Lines from the one containing "this 1500×1125 image." through the last one in the data below: write them out word for word, and only them.
[Given information Boundary: Start]
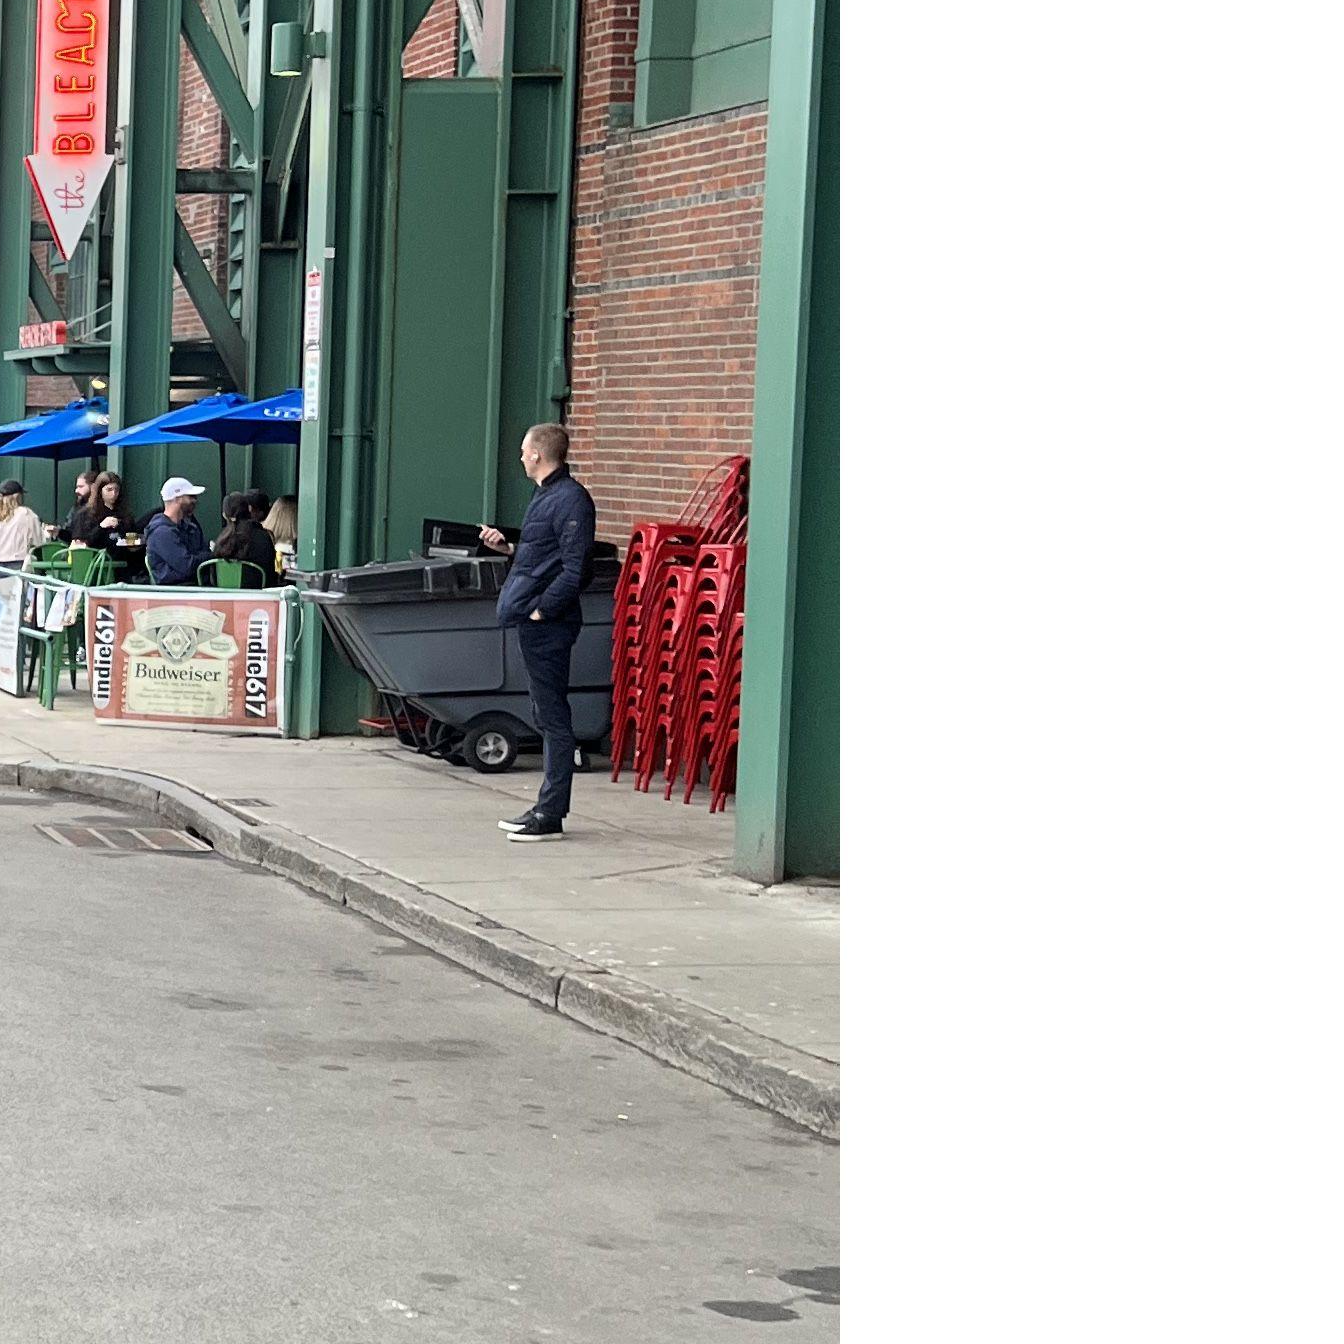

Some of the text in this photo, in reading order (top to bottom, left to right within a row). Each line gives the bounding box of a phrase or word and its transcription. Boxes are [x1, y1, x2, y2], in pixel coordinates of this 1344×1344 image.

[52, 168, 86, 215] the
[92, 605, 115, 700] indie617
[135, 662, 221, 683] Budweiser
[246, 619, 268, 718] indie617
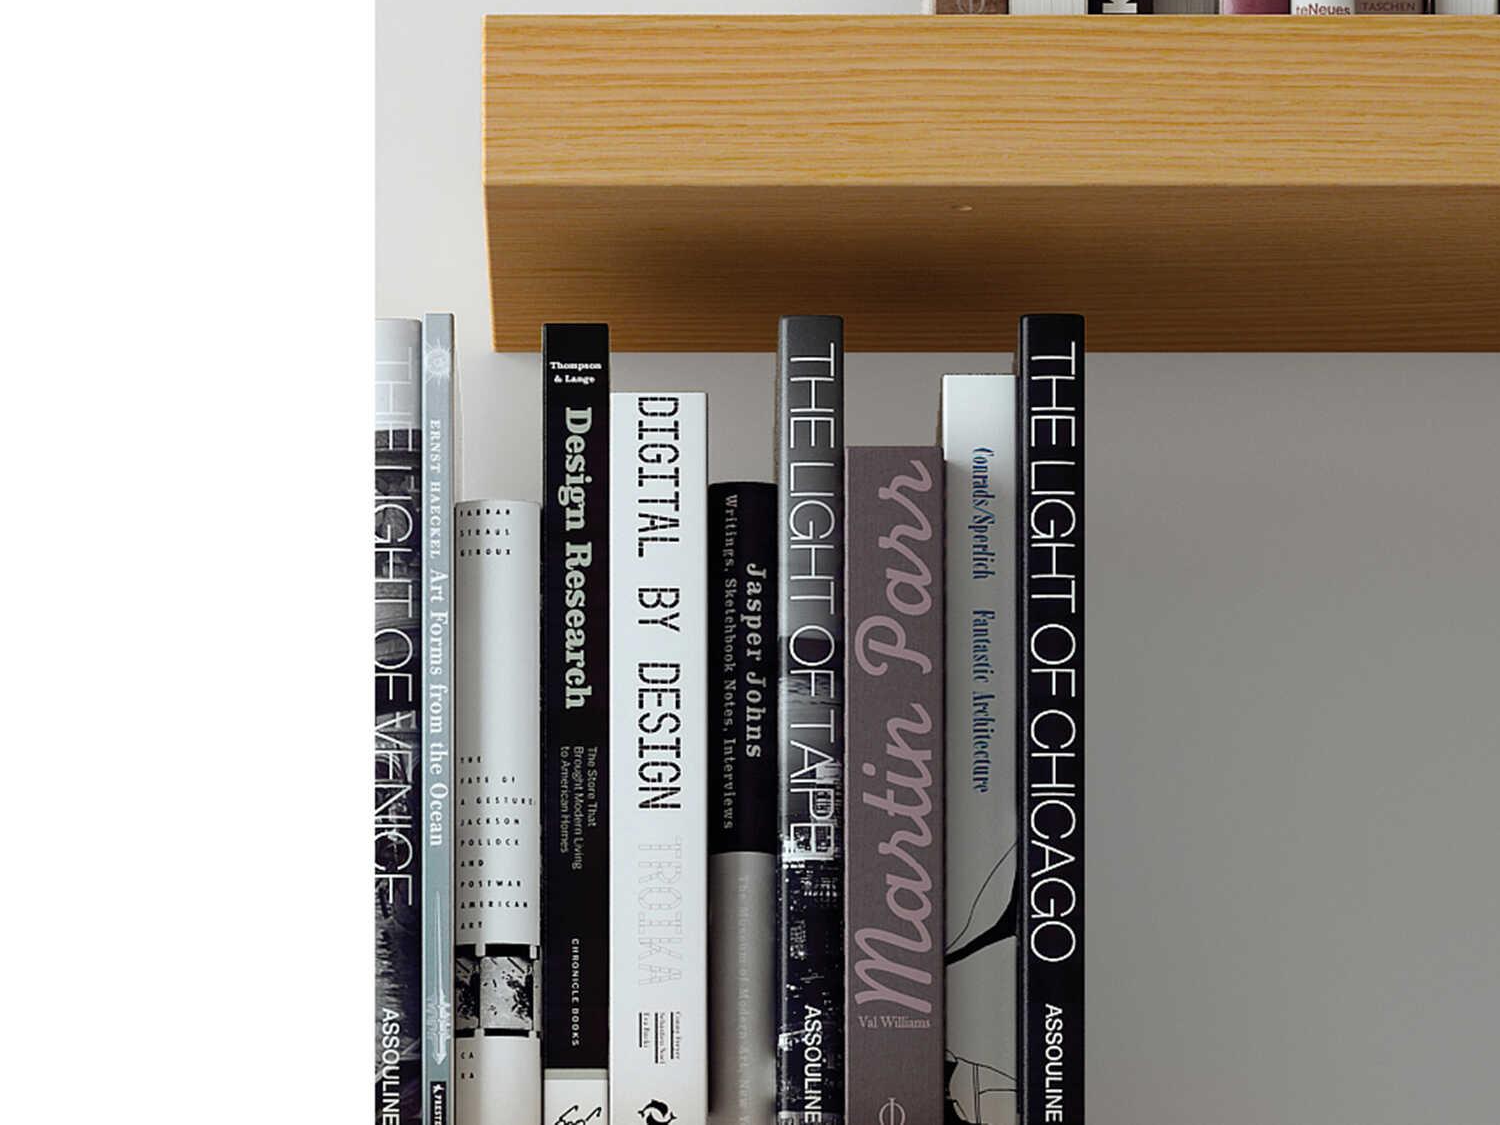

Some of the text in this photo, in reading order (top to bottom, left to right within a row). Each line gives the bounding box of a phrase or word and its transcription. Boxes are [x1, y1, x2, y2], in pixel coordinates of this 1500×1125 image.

[1360, 1, 1417, 12] TASCHEN
[550, 362, 601, 371] Thompson
[565, 375, 595, 384] Lange
[375, 345, 413, 906] THE LIGHT OF VENICE
[430, 420, 450, 845] ERNST HAECKEL Art Forms from the Ocean
[558, 407, 592, 709] Design Research
[638, 397, 680, 808] DIGITAL BY DESIGN
[789, 342, 835, 860] THE LIGHT OF TAIPEI
[968, 446, 996, 792] Conrads/Sperlich Fantastic Architecture
[723, 495, 737, 828] Writings, Sketchbook Notes, Interviews
[741, 563, 766, 757] Jasper Johns
[1031, 342, 1076, 962] THE LIGHT OF CHICAGO
[560, 746, 570, 853] to American Homes
[572, 746, 584, 869] Brought Modern Living
[588, 746, 598, 826] The Store That
[854, 459, 933, 1014] Martin Parr
[638, 834, 682, 987] TROIKA
[382, 1007, 400, 1125] ASSOULINE
[804, 1004, 822, 1124] ASSOULINE
[858, 1015, 930, 1028] Val Williams
[1046, 1004, 1063, 1122] ASSOULINE
[Given information Boundary: End]
> Expected answer:
Some of the text in this photo, in reading order (top to bottom, left to right within a row). Each line gives the bounding box of a phrase or word and its transcription. Boxes are [x1, y1, x2, y2], in pixel coordinates of this 1500×1125 image.

[1360, 1, 1417, 12] TASCHEN
[550, 362, 601, 371] Thompson
[565, 375, 595, 384] Lange
[375, 345, 413, 906] THE LIGHT OF VENICE
[430, 420, 450, 845] ERNST HAECKEL Art Forms from the Ocean
[558, 407, 592, 709] Design Research
[638, 397, 680, 808] DIGITAL BY DESIGN
[789, 342, 835, 860] THE LIGHT OF TAIPEI
[968, 446, 996, 792] Conrads/Sperlich Fantastic Architecture
[723, 495, 737, 828] Writings, Sketchbook Notes, Interviews
[741, 563, 766, 757] Jasper Johns
[1031, 342, 1076, 962] THE LIGHT OF CHICAGO
[560, 746, 570, 853] to American Homes
[572, 746, 584, 869] Brought Modern Living
[588, 746, 598, 826] The Store That
[854, 459, 933, 1014] Martin Parr
[638, 834, 682, 987] TROIKA
[382, 1007, 400, 1125] ASSOULINE
[804, 1004, 822, 1124] ASSOULINE
[858, 1015, 930, 1028] Val Williams
[1046, 1004, 1063, 1122] ASSOULINE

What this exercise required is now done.